## The task
From the line containing "this 1839×1258 image." through the last line of the entries below, print each line exactly. Pictures stay out.

◇ ◇ ◇ ◇

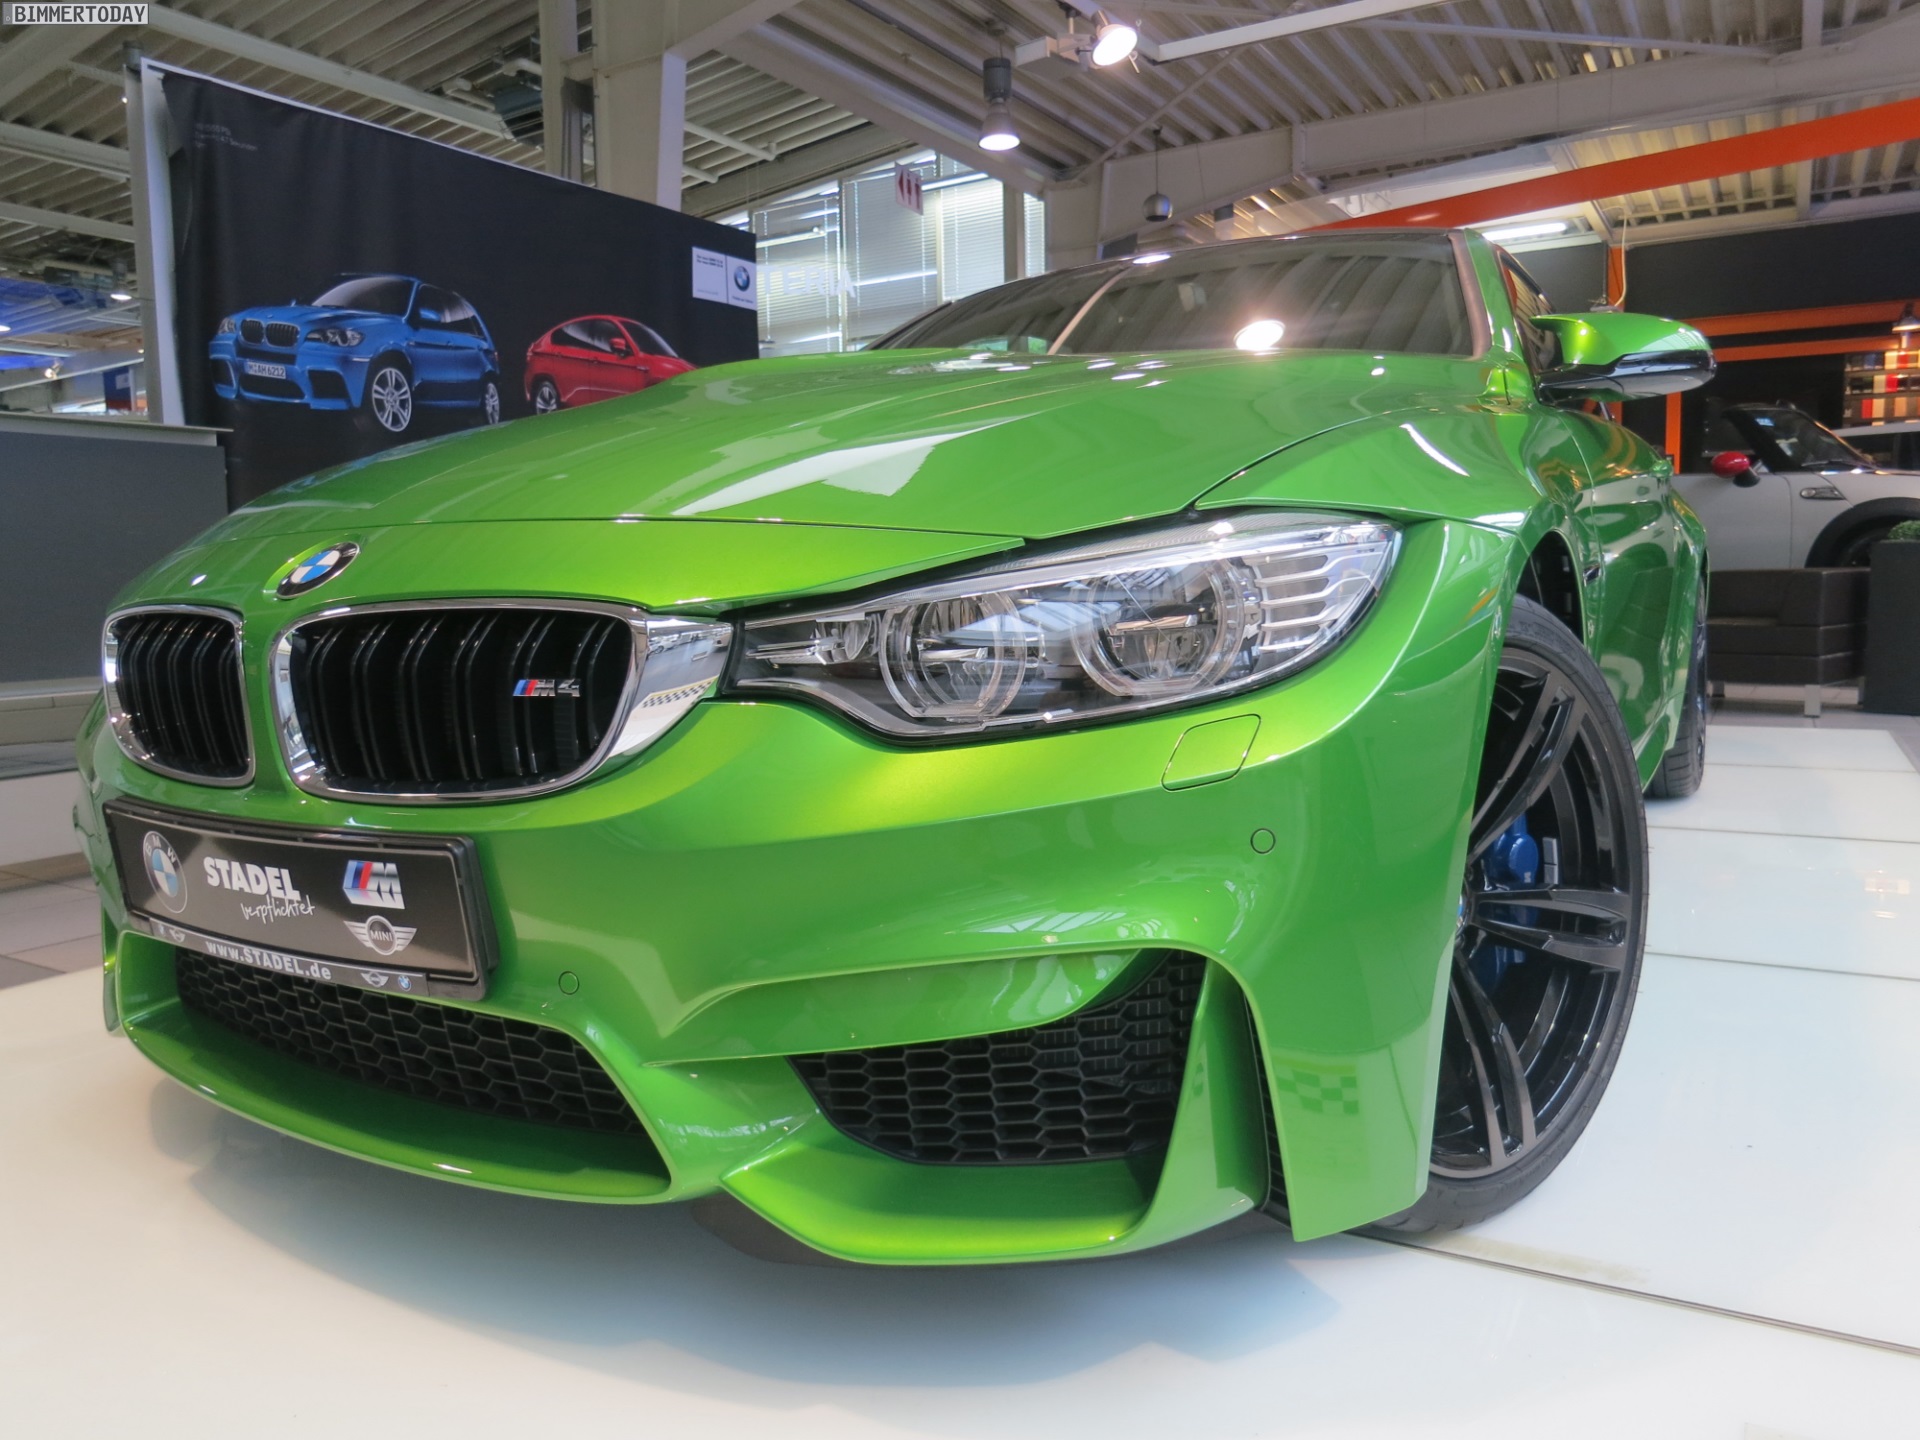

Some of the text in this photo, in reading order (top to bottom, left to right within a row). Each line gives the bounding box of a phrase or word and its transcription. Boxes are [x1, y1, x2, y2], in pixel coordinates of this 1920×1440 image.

[203, 856, 301, 901] STADEL
[240, 894, 316, 925] verpflichtet
[370, 929, 393, 942] MINI
[205, 941, 332, 980] www.STADEL.de
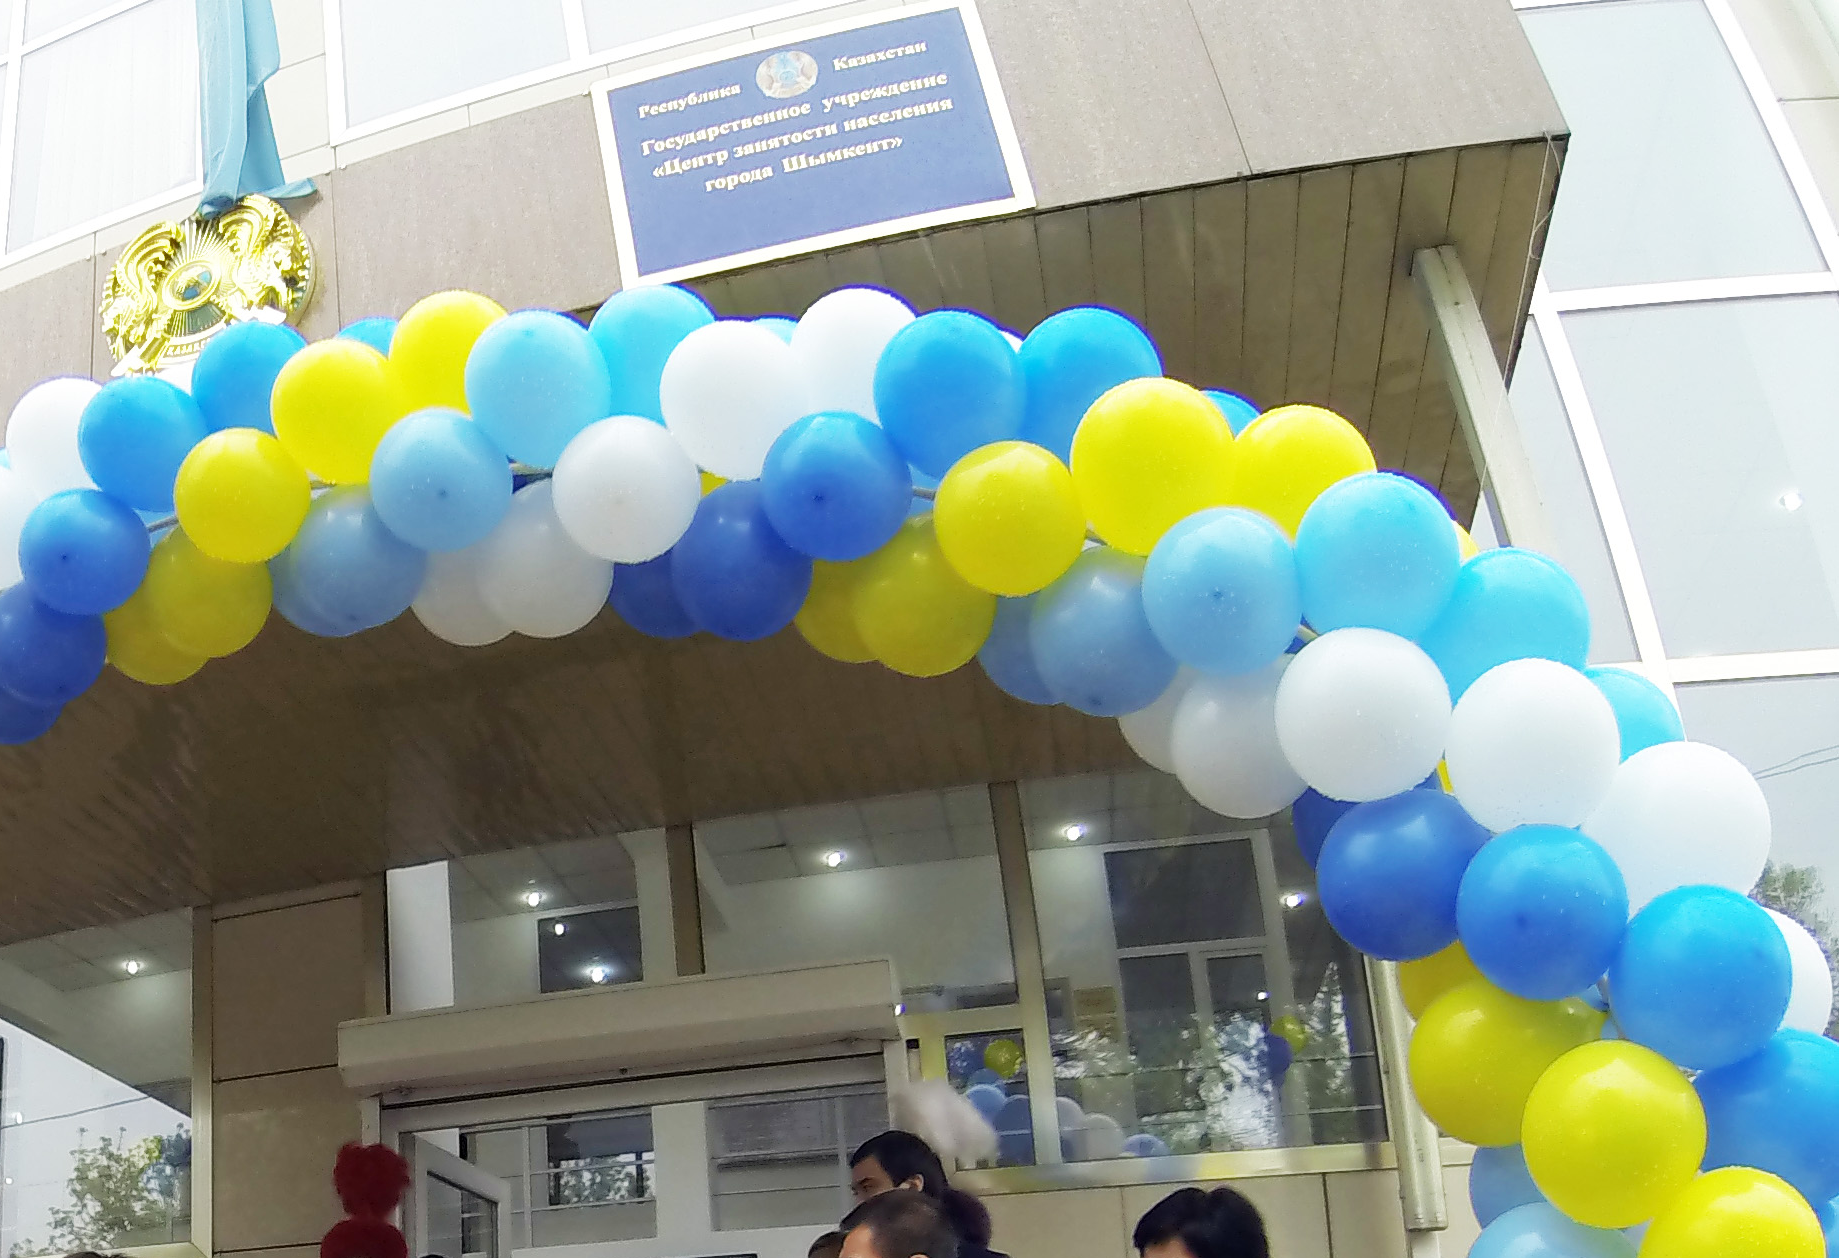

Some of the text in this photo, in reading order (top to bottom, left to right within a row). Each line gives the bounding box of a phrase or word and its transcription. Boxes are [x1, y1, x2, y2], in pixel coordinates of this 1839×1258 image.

[637, 40, 928, 120] Республика Казахстан
[640, 72, 949, 157] Государственное учреждение
[651, 97, 954, 181] «Центр занятости населения
[704, 135, 904, 193] города Шымкент»
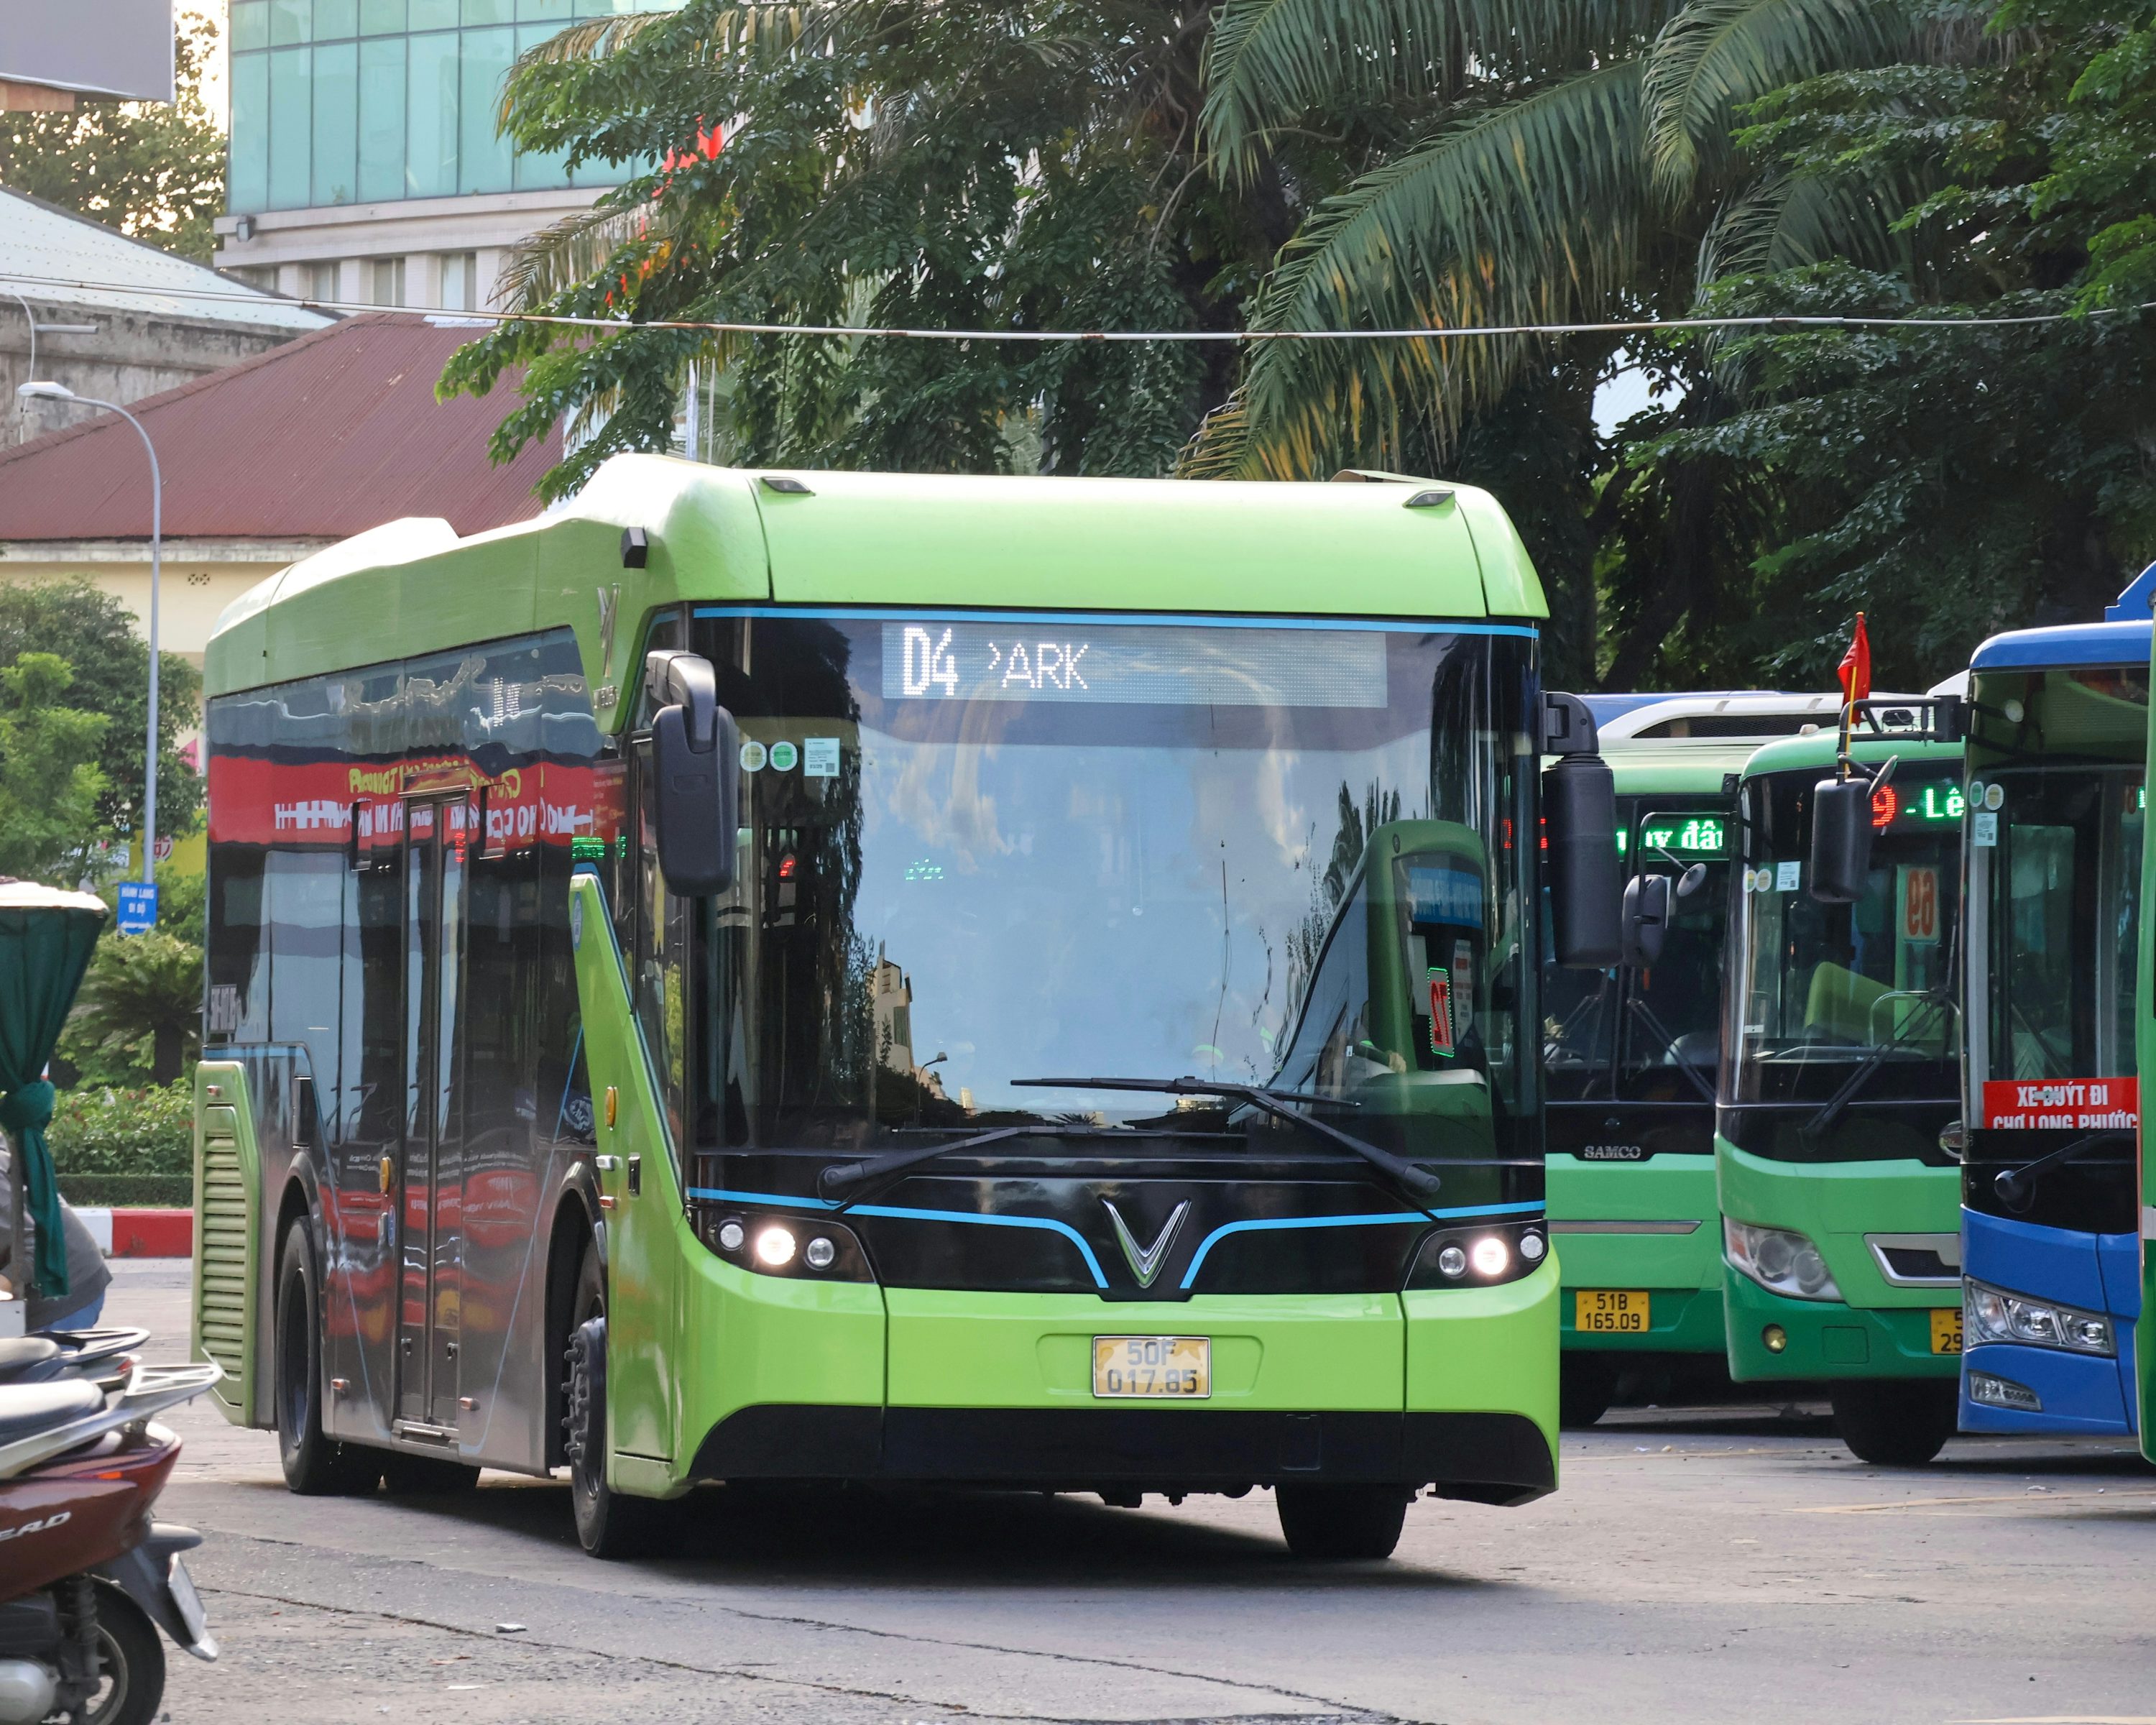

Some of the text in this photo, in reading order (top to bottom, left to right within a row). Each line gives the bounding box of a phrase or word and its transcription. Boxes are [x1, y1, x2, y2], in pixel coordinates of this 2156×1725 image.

[903, 627, 958, 696] D4
[2017, 1086, 2038, 1107] XE
[2089, 1085, 2108, 1105] ĐI
[1584, 1146, 1641, 1159] SAMCO
[1597, 1293, 1628, 1310] 51B
[1585, 1312, 1641, 1330] 165.09
[1127, 1340, 1176, 1366] 50F
[1107, 1368, 1197, 1393] 017.85

◇ ◇ ◇ ◇

## Output of the exercise
Some of the text in this photo, in reading order (top to bottom, left to right within a row). Each line gives the bounding box of a phrase or word and its transcription. Boxes are [x1, y1, x2, y2], in pixel coordinates of this 1839×1258 image.

[637, 40, 928, 120] Республика Казахстан
[640, 72, 949, 157] Государственное учреждение
[651, 97, 954, 181] «Центр занятости населения
[704, 135, 904, 193] города Шымкент»

Some of the text in this photo, in reading order (top to bottom, left to right within a row). Each line gives the bounding box of a phrase or word and its transcription. Boxes are [x1, y1, x2, y2], in pixel coordinates of this 2156×1725 image.

[903, 627, 958, 696] D4
[2017, 1086, 2038, 1107] XE
[2089, 1085, 2108, 1105] ĐI
[1584, 1146, 1641, 1159] SAMCO
[1597, 1293, 1628, 1310] 51B
[1585, 1312, 1641, 1330] 165.09
[1127, 1340, 1176, 1366] 50F
[1107, 1368, 1197, 1393] 017.85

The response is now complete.